If you frequently use git or docker, please check out Lazygit, Lazydocker, and k9s. These TUIs show all commands within a single command. Instead of memorizing or typing lengthy commands, you can use a graphical user interface in the terminal and navigate with the keyboard.
Simple Orchestration
The core responsibility of a data engineer is to orchestrate different jobs in the correct order and fully automate them. We use data orchestrators (Airflow, Dagster, Prefect etc.), but Linux also covers us.
Makefile and cron jobs are out of the box and installed on every Linux system.
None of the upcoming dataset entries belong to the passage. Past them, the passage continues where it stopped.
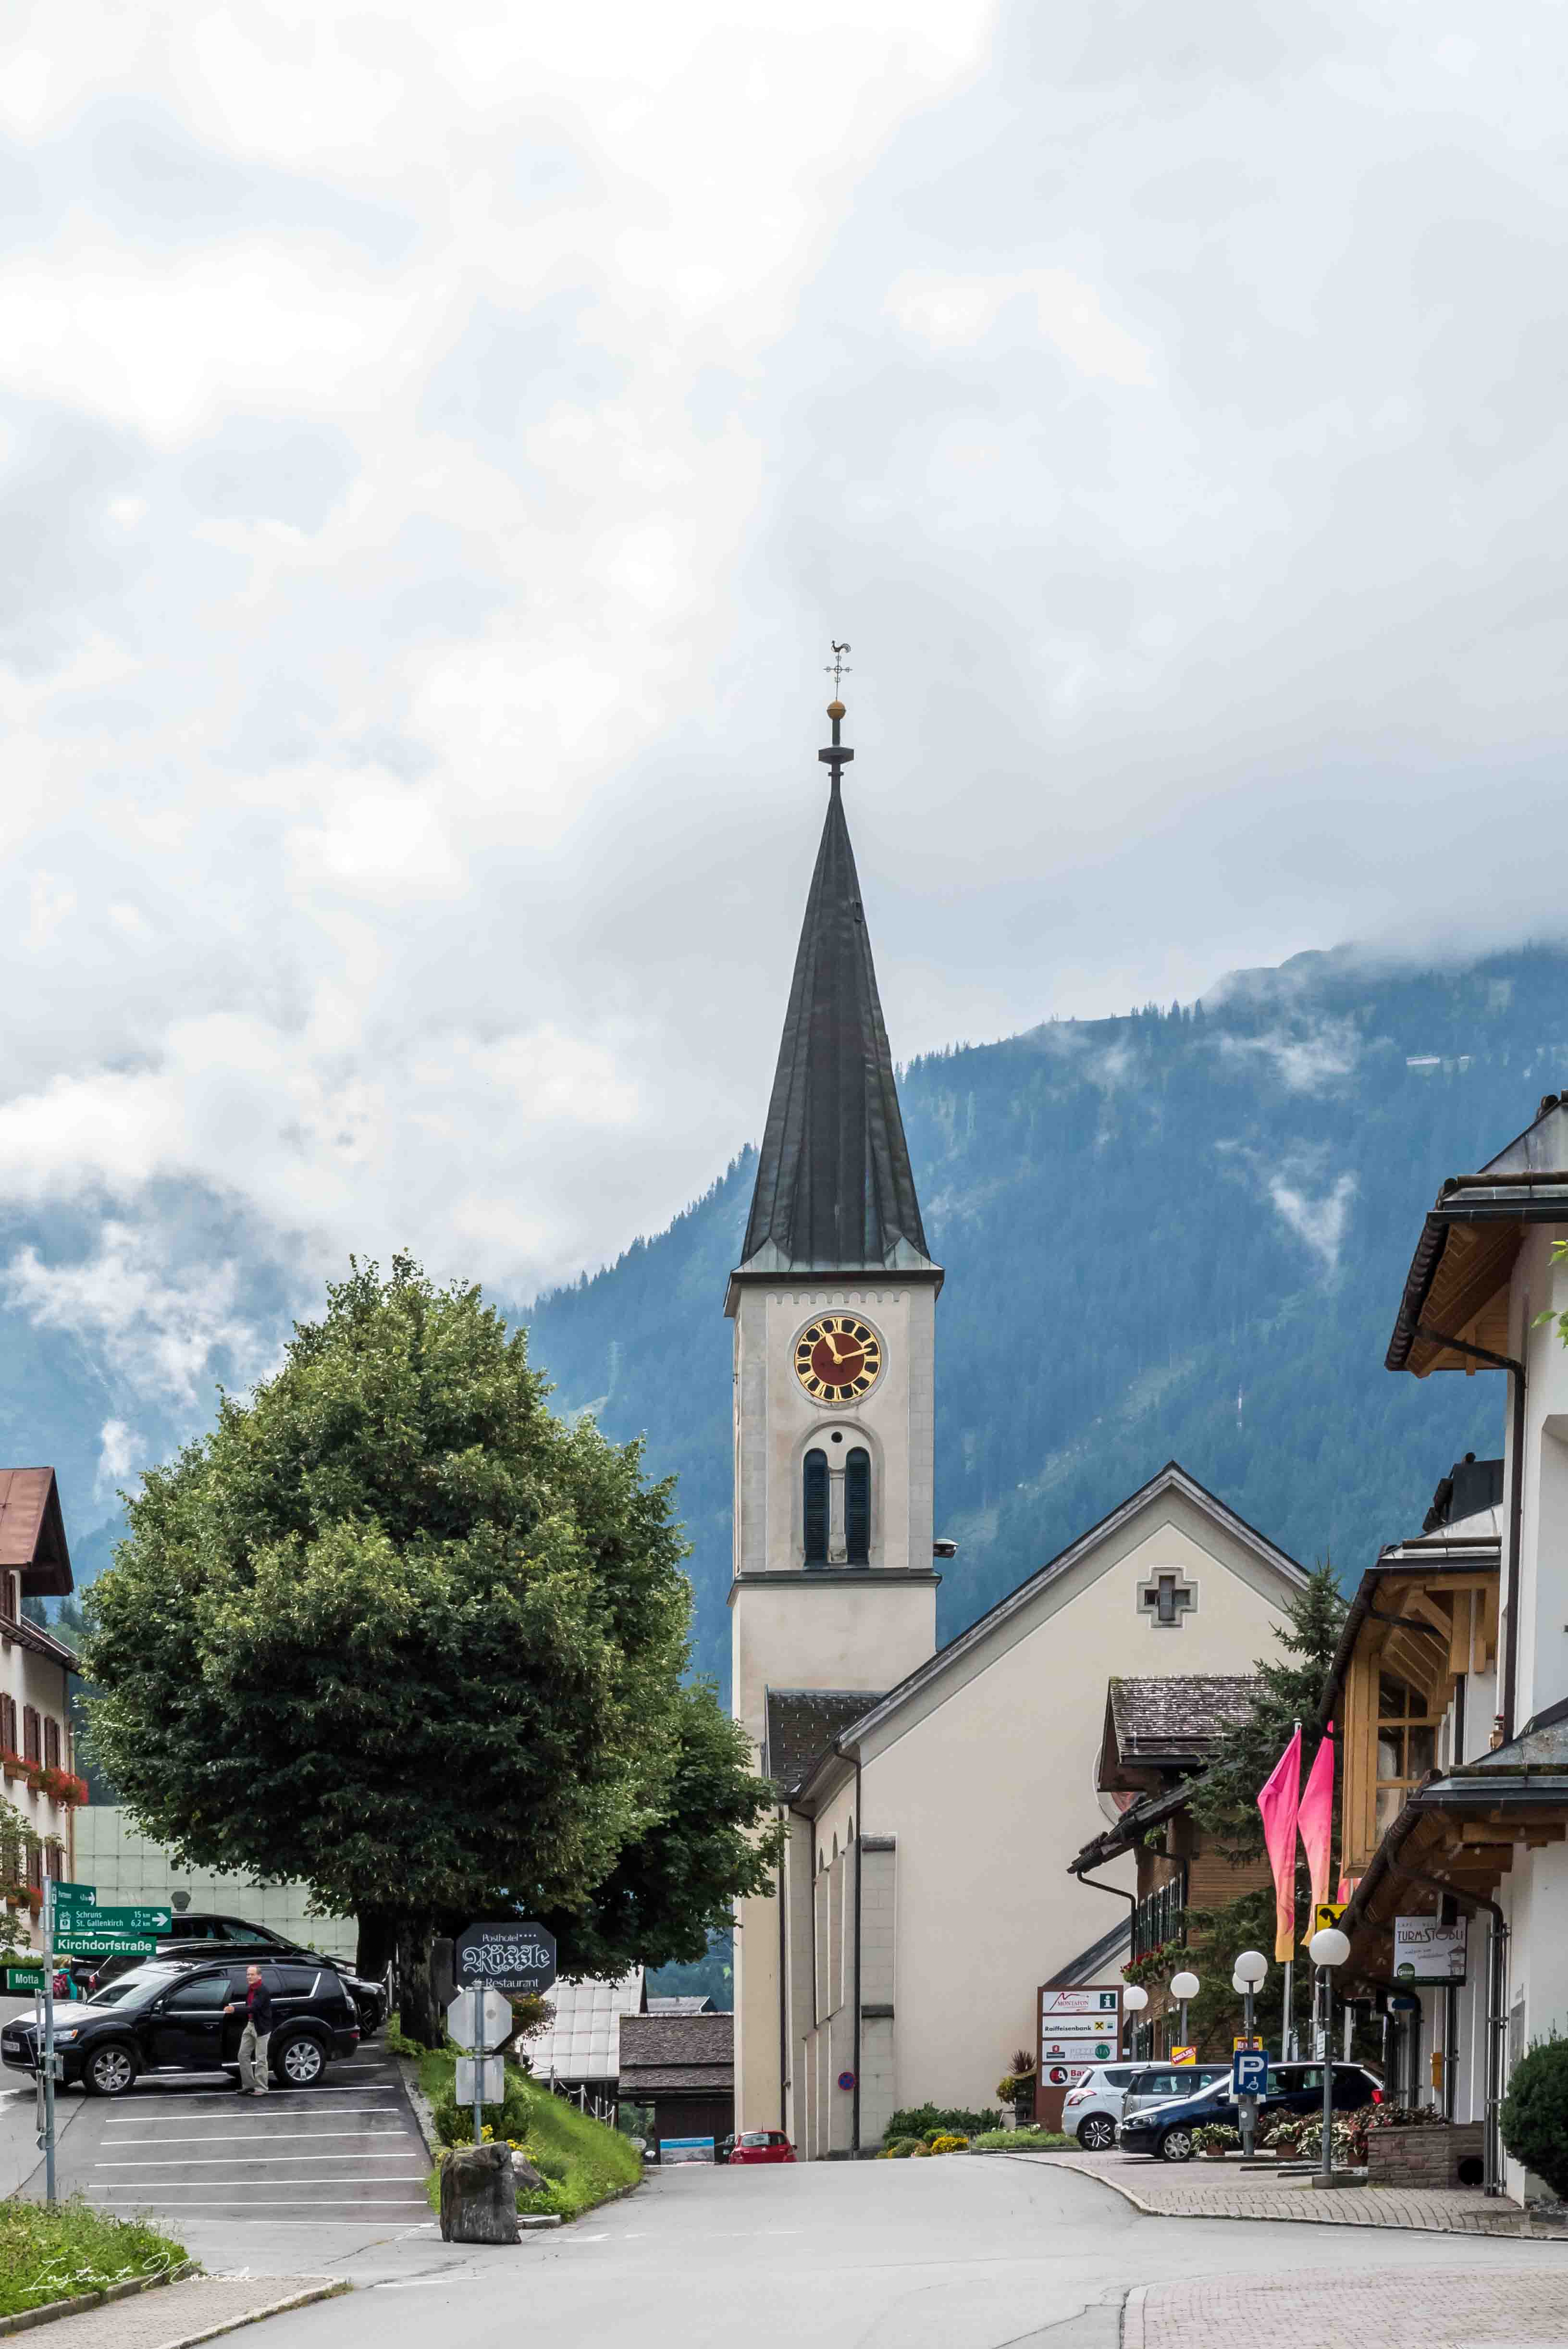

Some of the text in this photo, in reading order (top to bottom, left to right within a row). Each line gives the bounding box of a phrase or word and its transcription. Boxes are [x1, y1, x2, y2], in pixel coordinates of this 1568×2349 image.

[131, 1919, 141, 1928] 6,2
[482, 1933, 519, 1942] Posthotel
[58, 1939, 152, 1951] Kirchdorfstraße
[462, 1944, 550, 1974] Rössle
[15, 1974, 39, 1984] Motta
[486, 1978, 539, 1988] Restaurant
[1238, 2056, 1264, 2085] P
For example, Makefiles let us store a combination of commands like this:
Copy code
API_URL := "https://api.coincap.io/v2/assets"
DATA_DIR := /tmp/data
etl: extract transform load
extract:
mkdir -p $(DATA_DIR)
curl -s $(API_URL) | \
jq -r '.data[] | [.symbol, .priceUsd, .marketCapUsd] | @csv' > \
$(DATA_DIR)/crypto_raw.csv
transform:
./scripts/transform_data.sh
load:
cat $(DATA_DIR)/crypto_raw.csv | \
sort -t',' -k3,3nr | \
head -n 10 > $(DATA_DIR)/top_10_crypto.csv
clean:
rm -rf $(DATA_DIR)/*
Running make extract
will create download data from the HTTPS API and store it as CSV, which we can check with tail
:
Copy code
❯ make extract
mkdir -p /tmp/data
curl -s "https://api.coincap.io/v2/assets" | \
jq -r '.data[] | [.symbol, .priceUsd, .marketCapUsd] | @csv' > \
/tmp/data/crypto_raw.csv
❯ tail -n 3 /tmp/data/crypto_raw.csv
"ZEN","25.2499663234287359","399199442.5767759717054100"
"SUSHI","1.4507020739095067","381986878.5063751499688694"
"JST","0.0384023939139102","380183699.7477109800000000"
Combining these commands can be quick and super powerful. Make is just one example of storing and checking the commands into git so everyone can use them.
Crontabs are another way to schedule them daily, for example.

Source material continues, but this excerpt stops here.